◆ YOUR ASSIGNMENT ◆
Each line from the one containing "this 1600×887 image." through the end of the records below must be repeated exactly, and no other line.

◆ MATERIAL SUPPLIED ◆
□ □ □ □ □
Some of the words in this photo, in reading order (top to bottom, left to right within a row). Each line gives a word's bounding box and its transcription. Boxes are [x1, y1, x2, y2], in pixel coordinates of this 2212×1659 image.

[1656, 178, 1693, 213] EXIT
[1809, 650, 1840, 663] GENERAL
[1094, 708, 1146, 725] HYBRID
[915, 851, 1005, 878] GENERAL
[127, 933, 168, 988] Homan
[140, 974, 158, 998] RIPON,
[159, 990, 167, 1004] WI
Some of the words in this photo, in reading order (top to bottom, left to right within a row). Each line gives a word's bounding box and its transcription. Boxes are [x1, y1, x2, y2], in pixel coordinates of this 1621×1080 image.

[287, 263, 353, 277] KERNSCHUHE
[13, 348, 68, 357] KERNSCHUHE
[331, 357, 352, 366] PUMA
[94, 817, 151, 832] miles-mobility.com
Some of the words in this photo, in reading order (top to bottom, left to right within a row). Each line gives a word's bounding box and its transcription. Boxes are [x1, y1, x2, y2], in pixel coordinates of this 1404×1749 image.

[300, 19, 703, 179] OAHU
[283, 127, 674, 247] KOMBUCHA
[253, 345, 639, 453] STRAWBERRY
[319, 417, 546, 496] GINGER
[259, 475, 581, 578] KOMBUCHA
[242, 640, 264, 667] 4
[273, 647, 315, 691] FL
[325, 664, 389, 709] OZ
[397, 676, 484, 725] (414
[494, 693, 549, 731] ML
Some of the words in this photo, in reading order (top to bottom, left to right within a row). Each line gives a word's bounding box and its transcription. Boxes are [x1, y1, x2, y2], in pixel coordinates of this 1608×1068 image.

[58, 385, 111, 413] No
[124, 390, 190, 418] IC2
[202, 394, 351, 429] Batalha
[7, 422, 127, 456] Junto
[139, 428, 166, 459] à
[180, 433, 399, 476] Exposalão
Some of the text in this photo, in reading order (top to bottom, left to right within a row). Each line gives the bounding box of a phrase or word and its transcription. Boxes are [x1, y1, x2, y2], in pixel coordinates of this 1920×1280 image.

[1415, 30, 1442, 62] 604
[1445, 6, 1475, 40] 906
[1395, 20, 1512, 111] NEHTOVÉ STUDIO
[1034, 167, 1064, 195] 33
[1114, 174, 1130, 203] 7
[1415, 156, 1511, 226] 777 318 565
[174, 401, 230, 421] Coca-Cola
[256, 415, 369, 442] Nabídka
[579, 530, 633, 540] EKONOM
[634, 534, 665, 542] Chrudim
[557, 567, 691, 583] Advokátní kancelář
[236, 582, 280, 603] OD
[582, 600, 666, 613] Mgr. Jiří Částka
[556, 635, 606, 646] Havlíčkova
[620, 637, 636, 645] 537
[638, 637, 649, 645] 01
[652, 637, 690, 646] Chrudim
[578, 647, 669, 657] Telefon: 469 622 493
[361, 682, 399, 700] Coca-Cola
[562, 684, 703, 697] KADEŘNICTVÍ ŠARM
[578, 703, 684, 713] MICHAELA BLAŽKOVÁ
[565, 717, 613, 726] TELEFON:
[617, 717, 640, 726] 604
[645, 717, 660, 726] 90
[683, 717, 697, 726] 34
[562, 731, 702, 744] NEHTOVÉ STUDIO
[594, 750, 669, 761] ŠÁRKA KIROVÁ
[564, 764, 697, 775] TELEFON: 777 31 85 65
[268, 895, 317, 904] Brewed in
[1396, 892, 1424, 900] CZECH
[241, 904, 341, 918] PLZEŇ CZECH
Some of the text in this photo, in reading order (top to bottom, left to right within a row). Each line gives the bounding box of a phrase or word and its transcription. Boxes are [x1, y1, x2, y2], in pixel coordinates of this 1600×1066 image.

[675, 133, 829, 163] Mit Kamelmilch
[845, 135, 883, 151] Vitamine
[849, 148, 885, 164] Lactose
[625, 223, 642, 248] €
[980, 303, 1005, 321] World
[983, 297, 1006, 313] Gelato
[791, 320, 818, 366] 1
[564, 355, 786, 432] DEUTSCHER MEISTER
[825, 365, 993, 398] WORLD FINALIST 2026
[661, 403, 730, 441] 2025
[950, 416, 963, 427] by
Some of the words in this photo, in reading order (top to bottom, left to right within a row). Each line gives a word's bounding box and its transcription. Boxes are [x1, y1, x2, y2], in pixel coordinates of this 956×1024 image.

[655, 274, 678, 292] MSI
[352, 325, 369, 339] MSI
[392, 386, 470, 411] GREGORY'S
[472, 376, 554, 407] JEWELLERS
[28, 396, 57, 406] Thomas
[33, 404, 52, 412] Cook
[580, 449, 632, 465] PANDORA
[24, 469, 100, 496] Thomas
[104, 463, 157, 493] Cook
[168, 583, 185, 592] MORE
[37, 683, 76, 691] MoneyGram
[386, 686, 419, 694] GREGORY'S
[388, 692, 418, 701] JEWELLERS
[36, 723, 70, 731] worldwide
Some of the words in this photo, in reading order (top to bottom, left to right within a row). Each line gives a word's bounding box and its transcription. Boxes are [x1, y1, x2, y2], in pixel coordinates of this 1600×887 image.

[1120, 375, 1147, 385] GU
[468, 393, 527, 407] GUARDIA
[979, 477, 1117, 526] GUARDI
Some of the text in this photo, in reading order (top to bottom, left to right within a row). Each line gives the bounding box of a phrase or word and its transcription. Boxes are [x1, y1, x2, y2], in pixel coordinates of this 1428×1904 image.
□ □ □ □ □
◆ ANSWER SECTION ◆
Some of the words in this photo, in reading order (top to bottom, left to right within a row). Each line gives a word's bounding box and its transcription. Boxes are [x1, y1, x2, y2], in pixel coordinates of this 1600×887 image.

[1120, 375, 1147, 385] GU
[468, 393, 527, 407] GUARDIA
[979, 477, 1117, 526] GUARDI
Some of the text in this photo, in reading order (top to bottom, left to right within a row). Each line gives the bounding box of a phrase or word and its transcription. Boxes are [x1, y1, x2, y2], in pixel coordinates of this 1428×1904 image.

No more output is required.